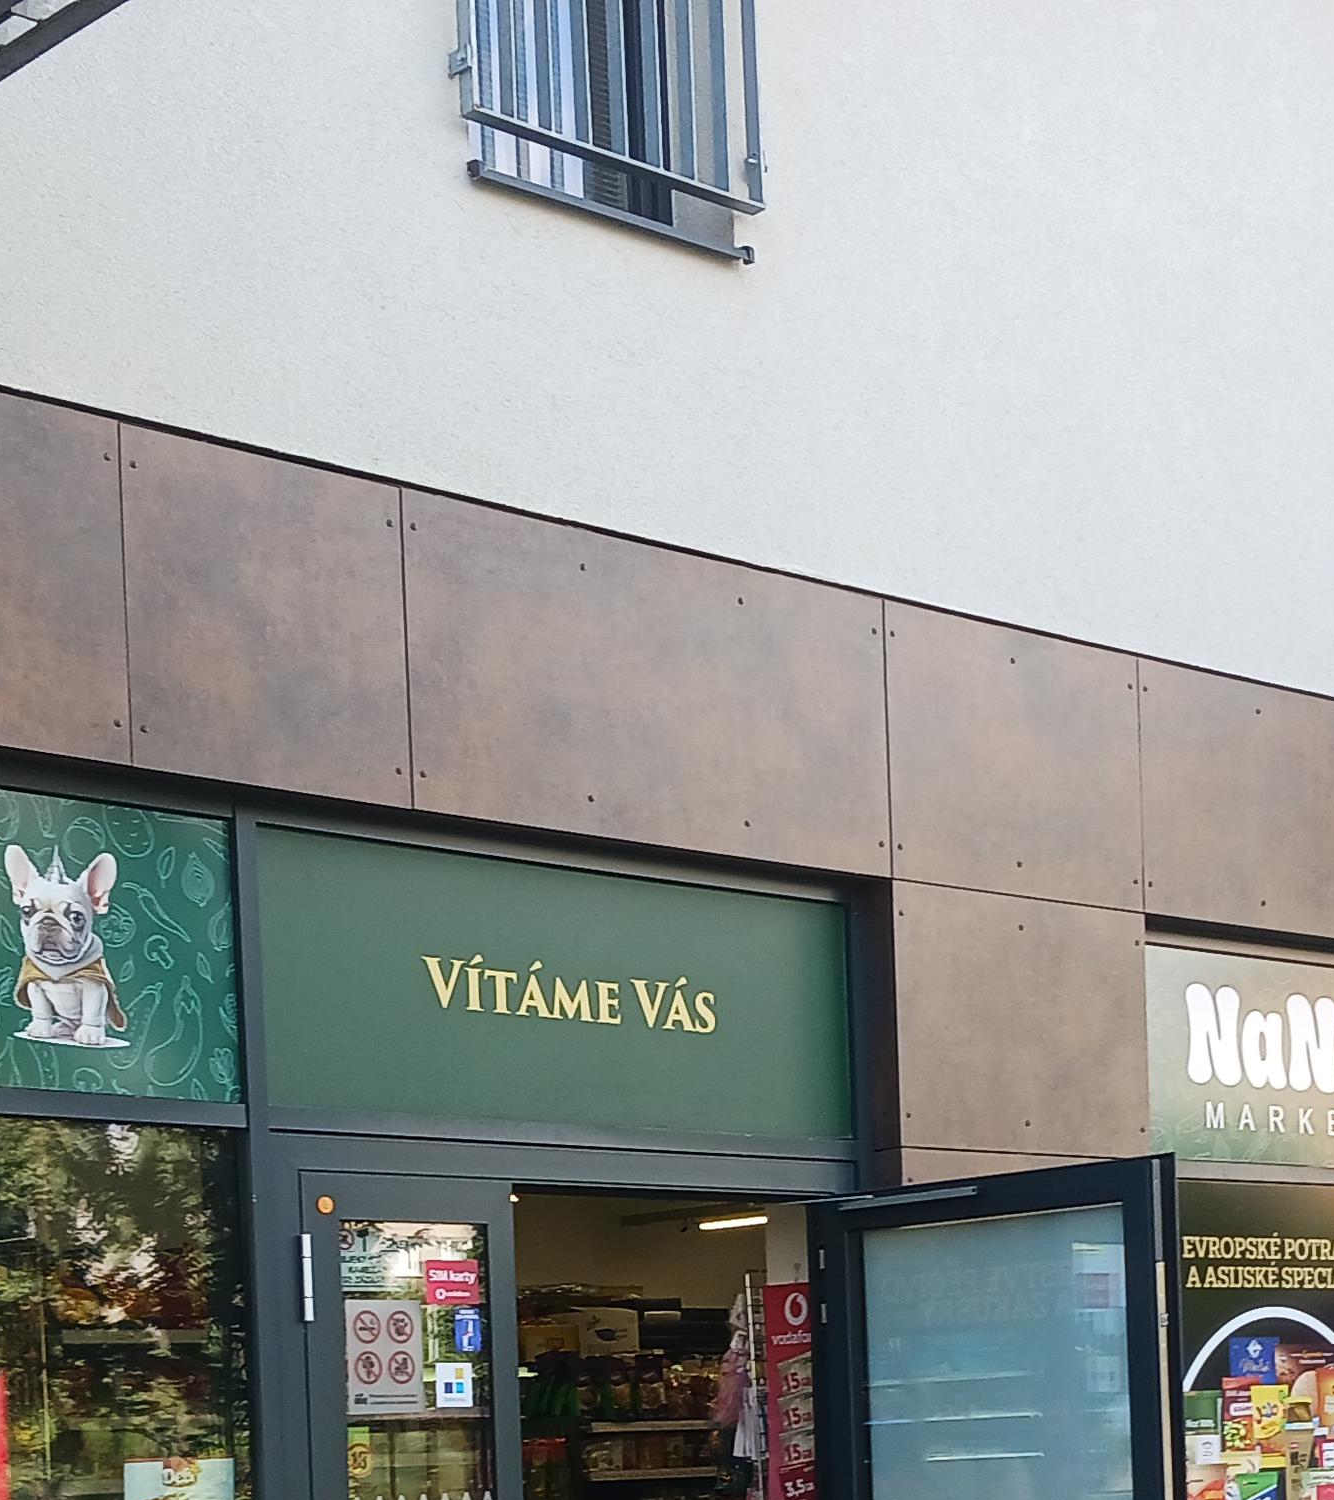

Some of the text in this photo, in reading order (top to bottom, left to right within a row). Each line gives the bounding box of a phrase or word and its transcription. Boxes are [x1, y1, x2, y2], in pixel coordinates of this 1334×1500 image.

[421, 954, 717, 1035] VÍTÁME VÁS
[1181, 1232, 1282, 1260] EVROPSKÉ
[1186, 1265, 1203, 1288] A
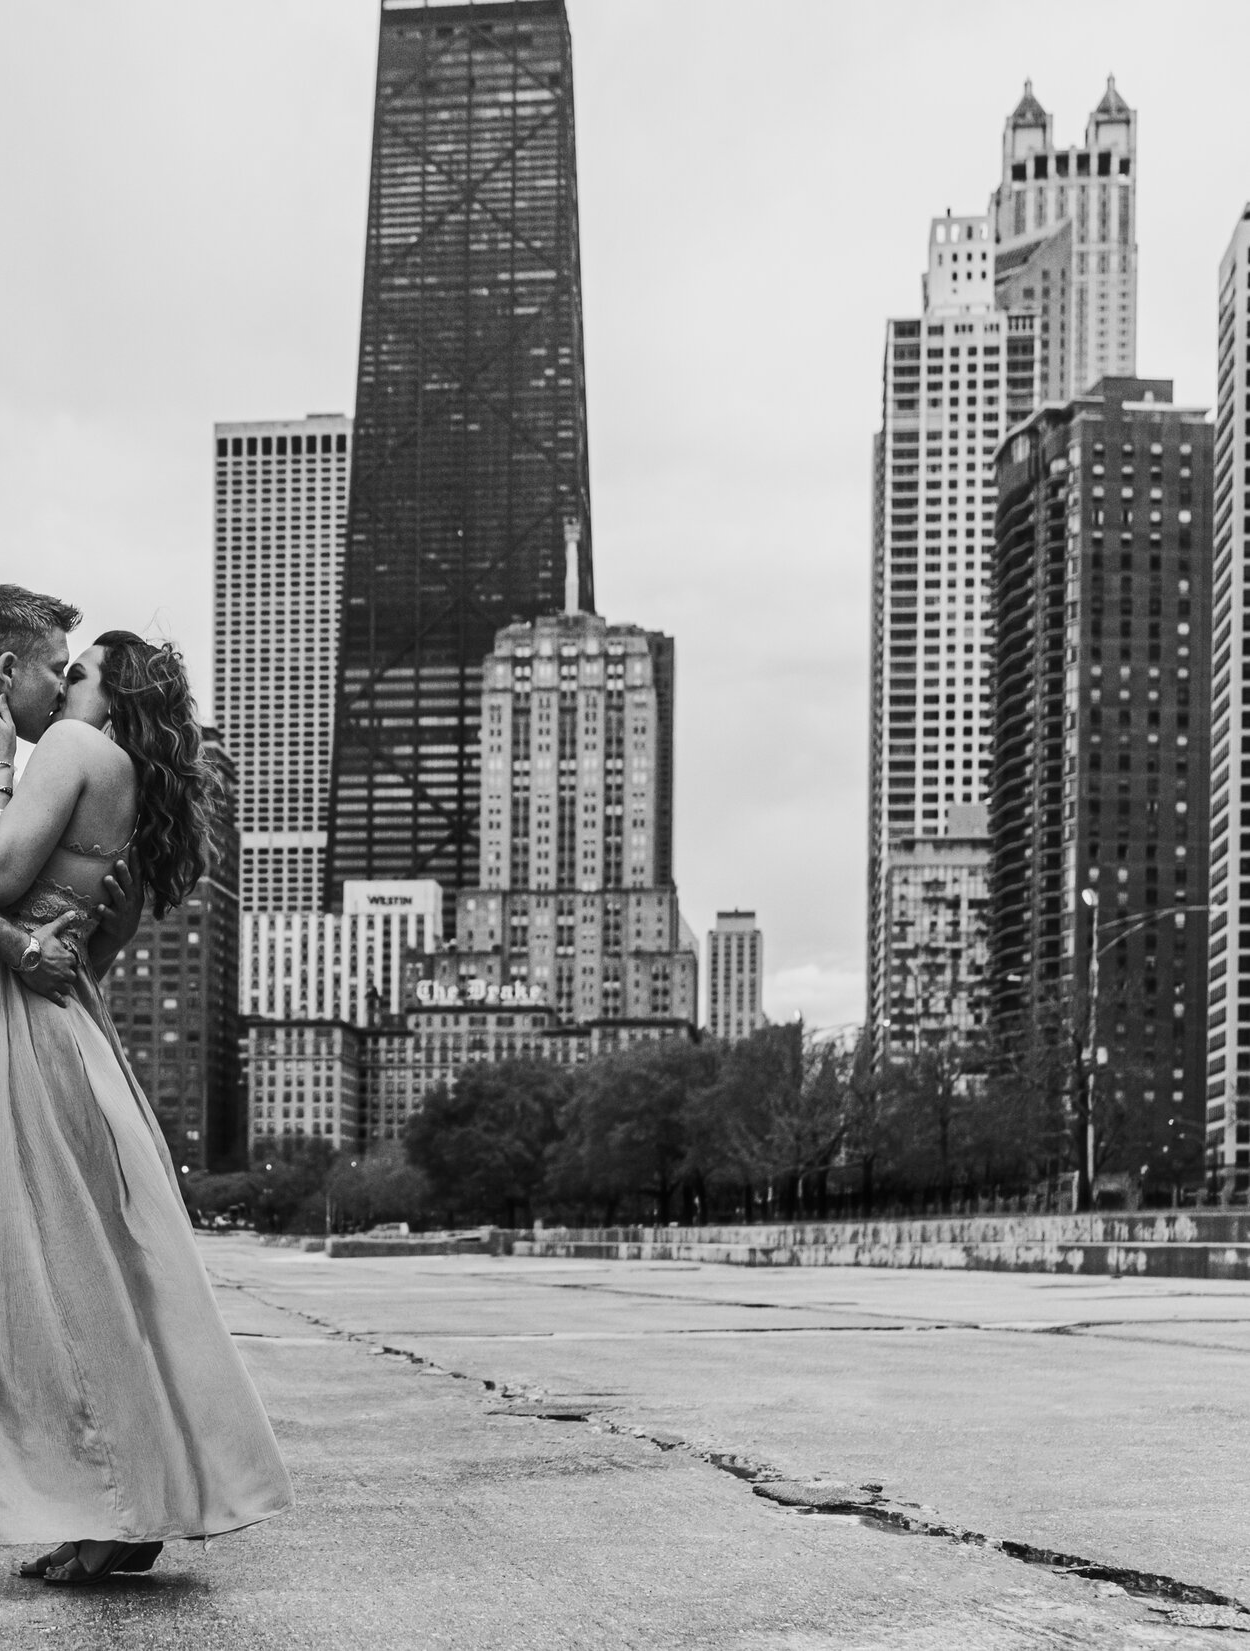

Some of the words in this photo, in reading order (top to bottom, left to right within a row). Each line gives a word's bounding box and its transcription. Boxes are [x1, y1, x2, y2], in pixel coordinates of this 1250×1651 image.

[366, 895, 413, 905] WESTIN
[416, 979, 459, 1001] The
[467, 979, 543, 1002] Drake
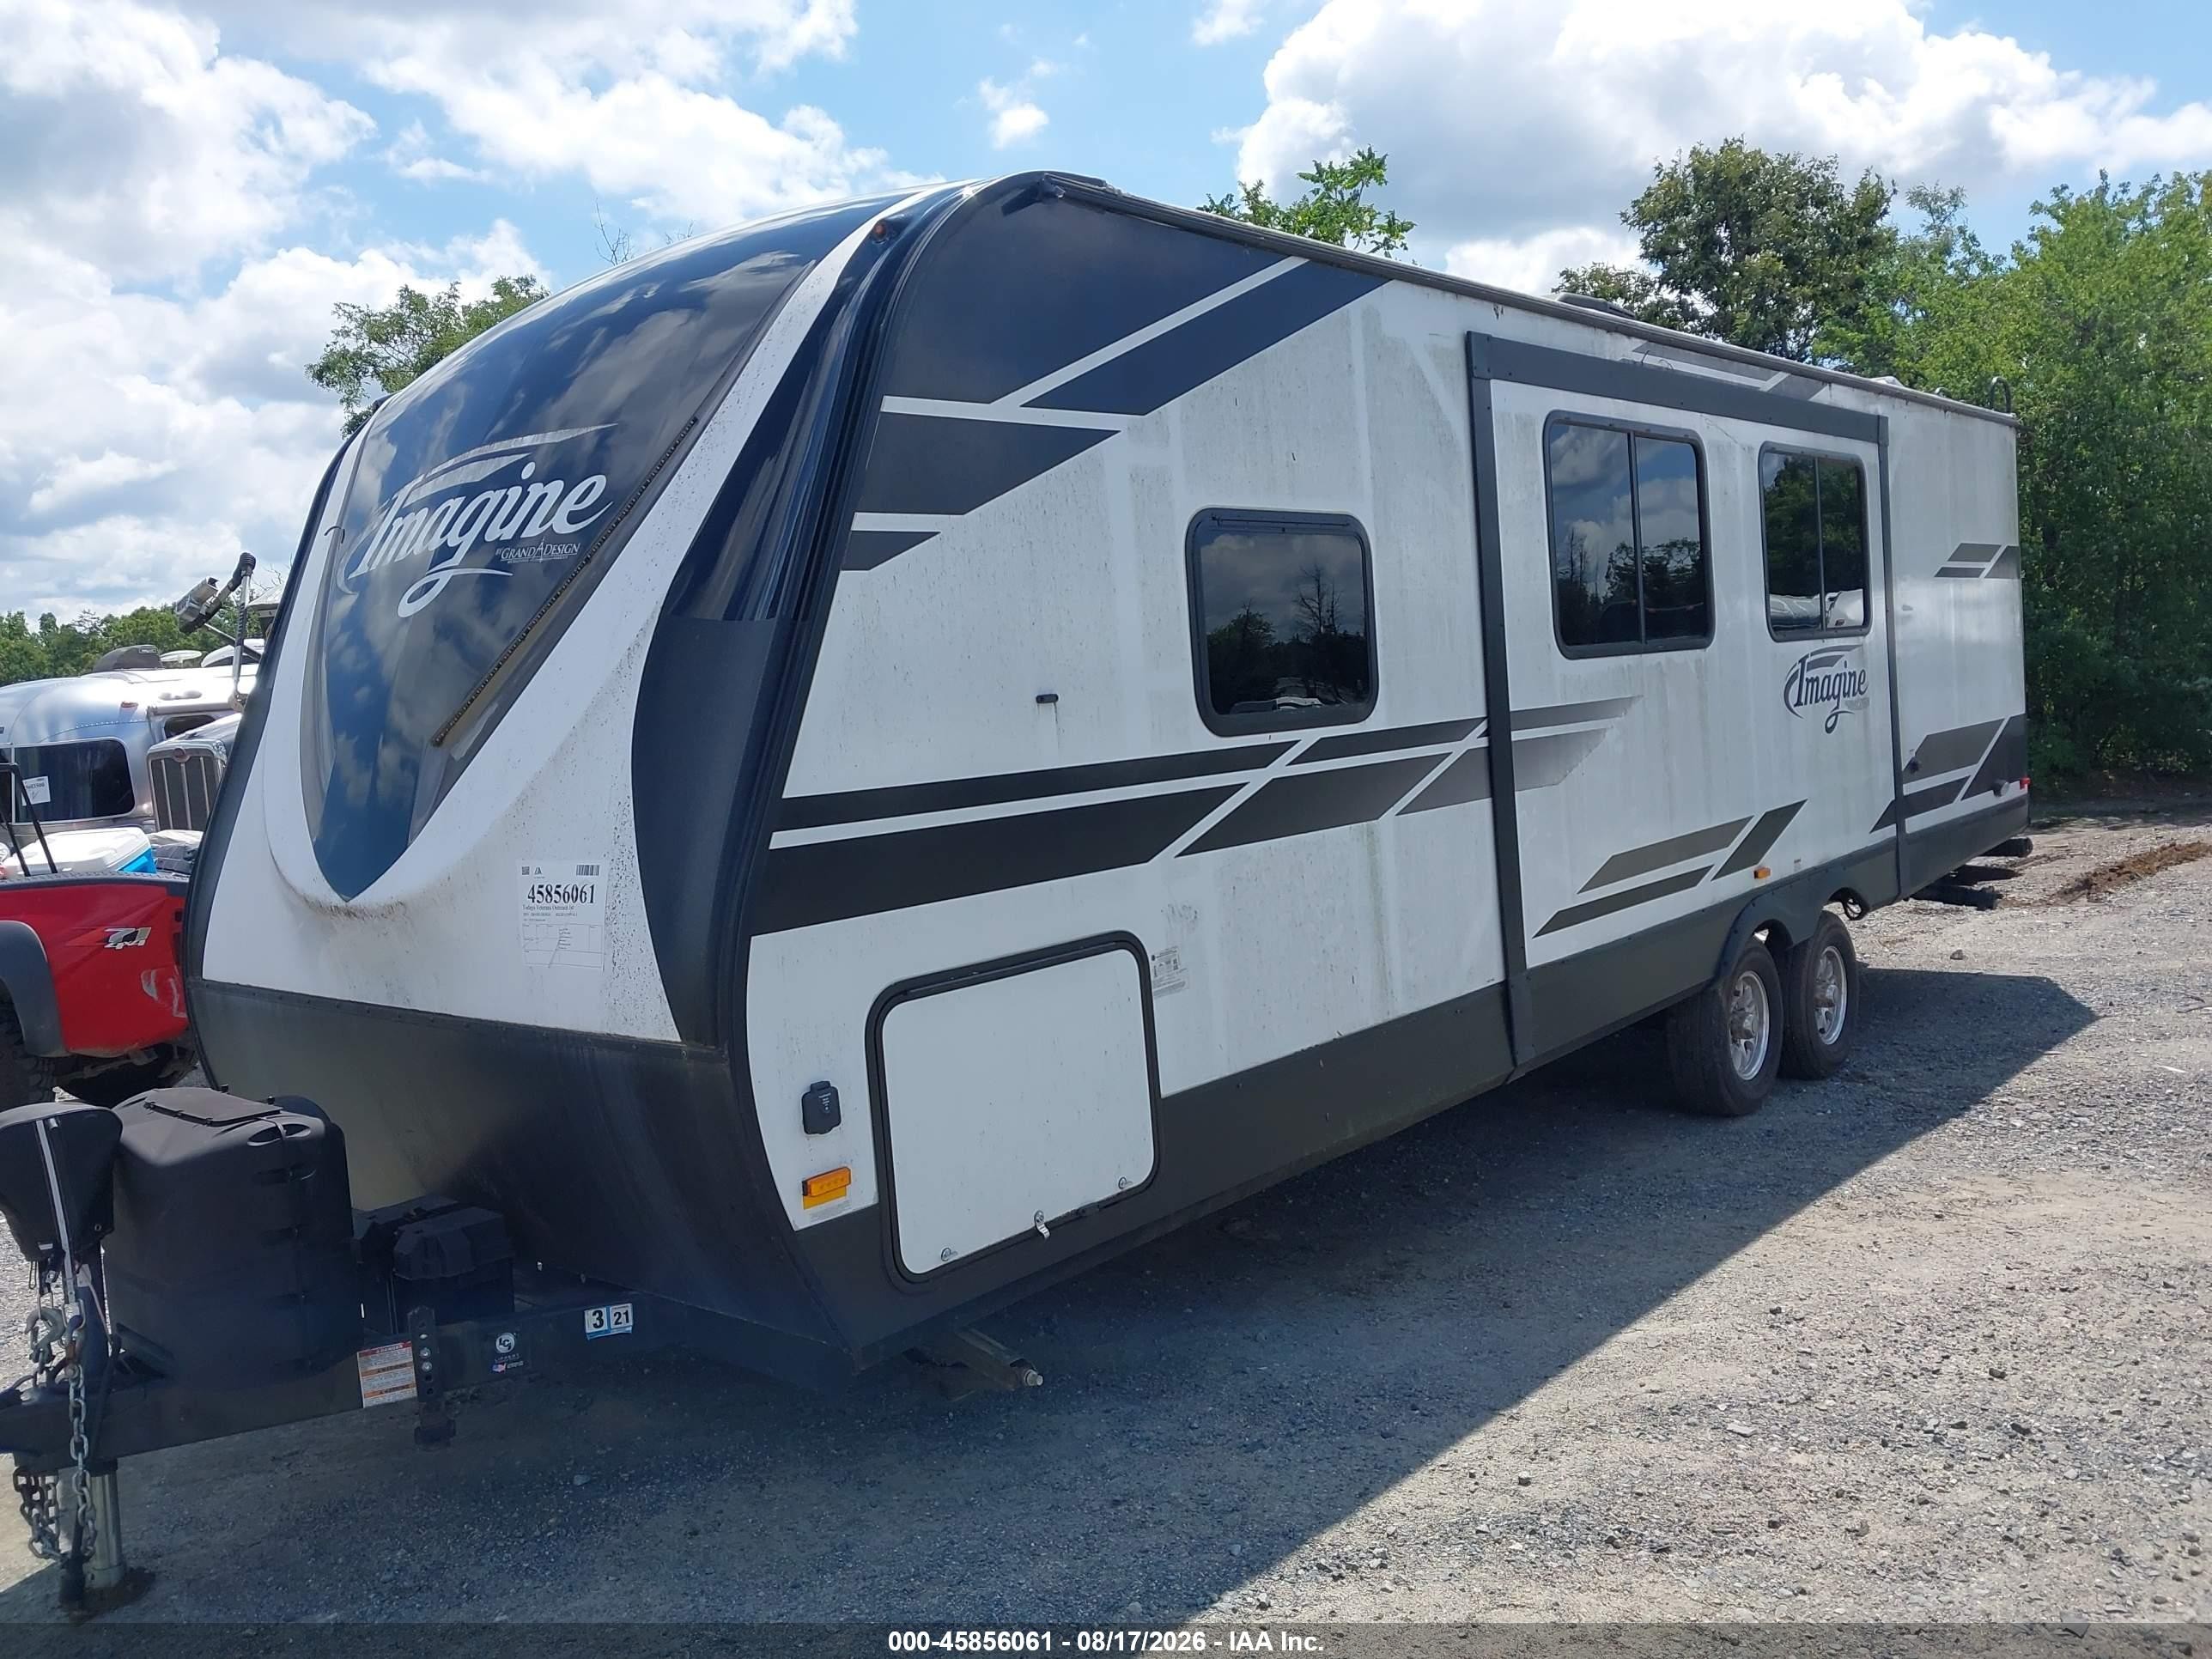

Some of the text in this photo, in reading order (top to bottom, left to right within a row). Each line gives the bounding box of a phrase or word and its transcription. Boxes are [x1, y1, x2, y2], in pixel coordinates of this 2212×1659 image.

::::

(Task)
The output is the data above, repeated exactly, with pictures omitted.

(Completed exercise)
Some of the text in this photo, in reading order (top to bottom, left to right within a row). Each line gives the bounding box of a phrase or word and its transcription. Boxes are [x1, y1, x2, y2], in pixel coordinates of this 1334×1500 image.

[421, 954, 717, 1035] VÍTÁME VÁS
[1181, 1232, 1282, 1260] EVROPSKÉ
[1186, 1265, 1203, 1288] A

Some of the words in this photo, in reading order (top to bottom, left to right within a row). Each line gives a word's bounding box and its transcription. Boxes are [x1, y1, x2, y2], in pixel coordinates of this 1250×1651 image.

[366, 895, 413, 905] WESTIN
[416, 979, 459, 1001] The
[467, 979, 543, 1002] Drake

Some of the text in this photo, in reading order (top to bottom, left to right within a row). Each line gives the bounding box of a phrase or word and its transcription. Boxes are [x1, y1, x2, y2], in pixel coordinates of this 2212×1659 image.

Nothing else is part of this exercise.